Data items:
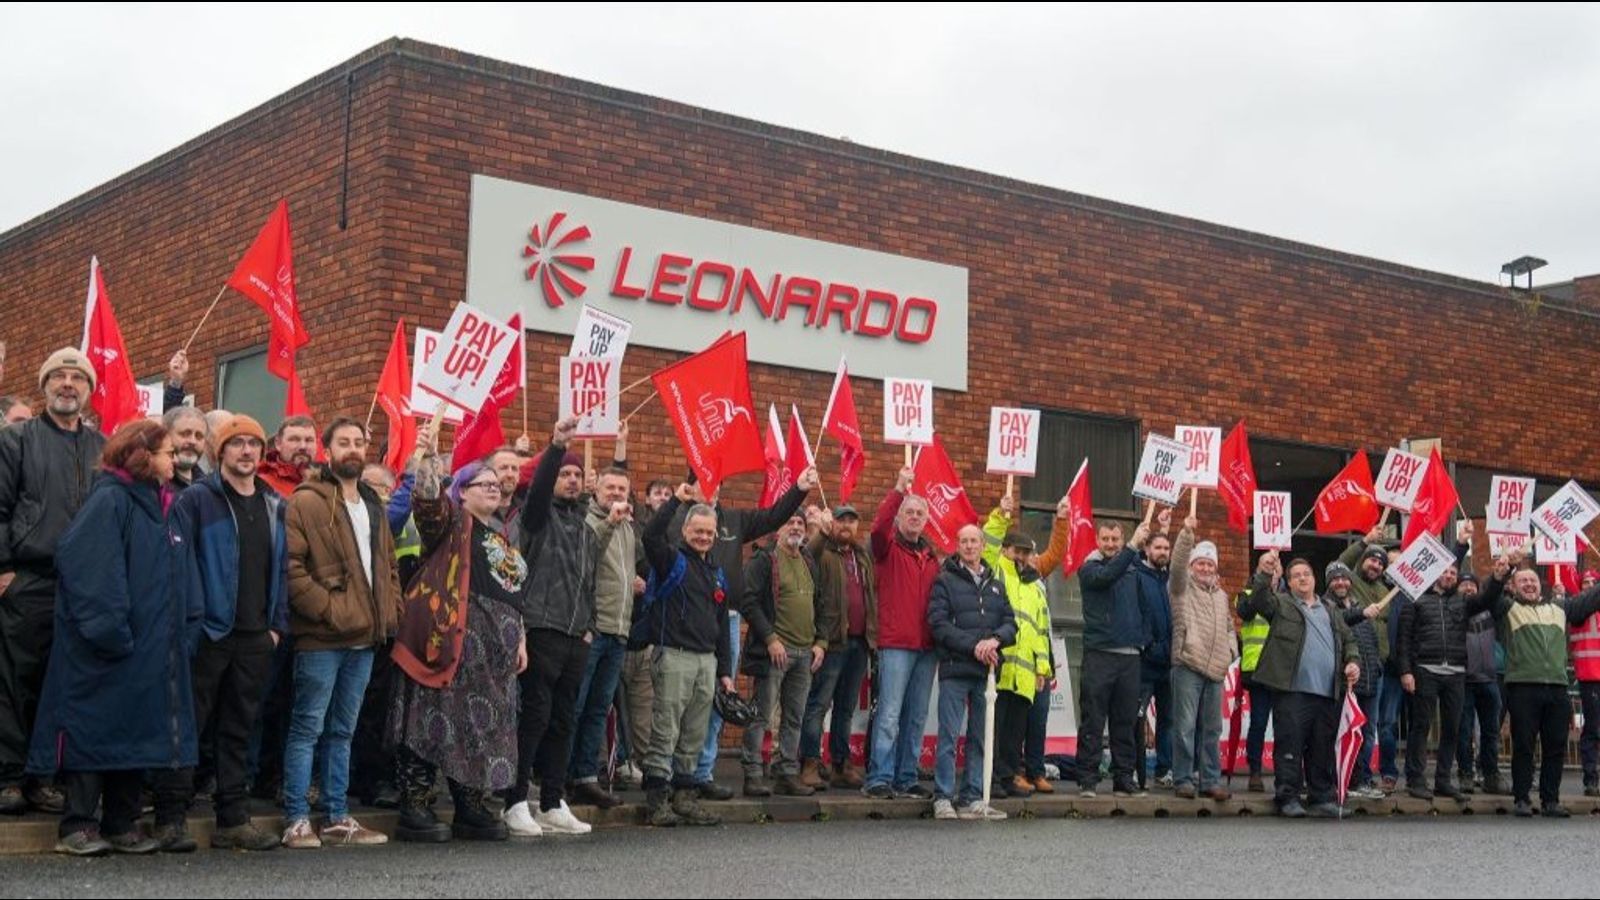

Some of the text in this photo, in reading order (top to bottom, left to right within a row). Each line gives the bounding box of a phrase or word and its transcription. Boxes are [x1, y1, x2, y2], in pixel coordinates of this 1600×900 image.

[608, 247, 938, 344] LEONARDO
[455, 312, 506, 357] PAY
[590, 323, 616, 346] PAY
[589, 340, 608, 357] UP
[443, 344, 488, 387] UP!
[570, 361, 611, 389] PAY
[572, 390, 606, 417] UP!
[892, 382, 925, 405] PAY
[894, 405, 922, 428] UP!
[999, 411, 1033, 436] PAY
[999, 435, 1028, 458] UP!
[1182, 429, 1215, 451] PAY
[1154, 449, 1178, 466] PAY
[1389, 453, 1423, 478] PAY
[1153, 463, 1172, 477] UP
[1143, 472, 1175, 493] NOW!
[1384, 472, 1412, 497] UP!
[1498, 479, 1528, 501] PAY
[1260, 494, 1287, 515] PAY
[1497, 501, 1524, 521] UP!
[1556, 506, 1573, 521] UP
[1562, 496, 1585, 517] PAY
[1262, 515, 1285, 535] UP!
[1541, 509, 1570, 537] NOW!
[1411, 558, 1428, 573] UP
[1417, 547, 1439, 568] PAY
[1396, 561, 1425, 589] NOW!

#### Instructions for the task:
Leave the images out and transcribe the remaining data above word for word.

#### Answer area:
Some of the text in this photo, in reading order (top to bottom, left to right within a row). Each line gives the bounding box of a phrase or word and its transcription. Boxes are [x1, y1, x2, y2], in pixel coordinates of this 1600×900 image.

[608, 247, 938, 344] LEONARDO
[455, 312, 506, 357] PAY
[590, 323, 616, 346] PAY
[589, 340, 608, 357] UP
[443, 344, 488, 387] UP!
[570, 361, 611, 389] PAY
[572, 390, 606, 417] UP!
[892, 382, 925, 405] PAY
[894, 405, 922, 428] UP!
[999, 411, 1033, 436] PAY
[999, 435, 1028, 458] UP!
[1182, 429, 1215, 451] PAY
[1154, 449, 1178, 466] PAY
[1389, 453, 1423, 478] PAY
[1153, 463, 1172, 477] UP
[1143, 472, 1175, 493] NOW!
[1384, 472, 1412, 497] UP!
[1498, 479, 1528, 501] PAY
[1260, 494, 1287, 515] PAY
[1497, 501, 1524, 521] UP!
[1556, 506, 1573, 521] UP
[1562, 496, 1585, 517] PAY
[1262, 515, 1285, 535] UP!
[1541, 509, 1570, 537] NOW!
[1411, 558, 1428, 573] UP
[1417, 547, 1439, 568] PAY
[1396, 561, 1425, 589] NOW!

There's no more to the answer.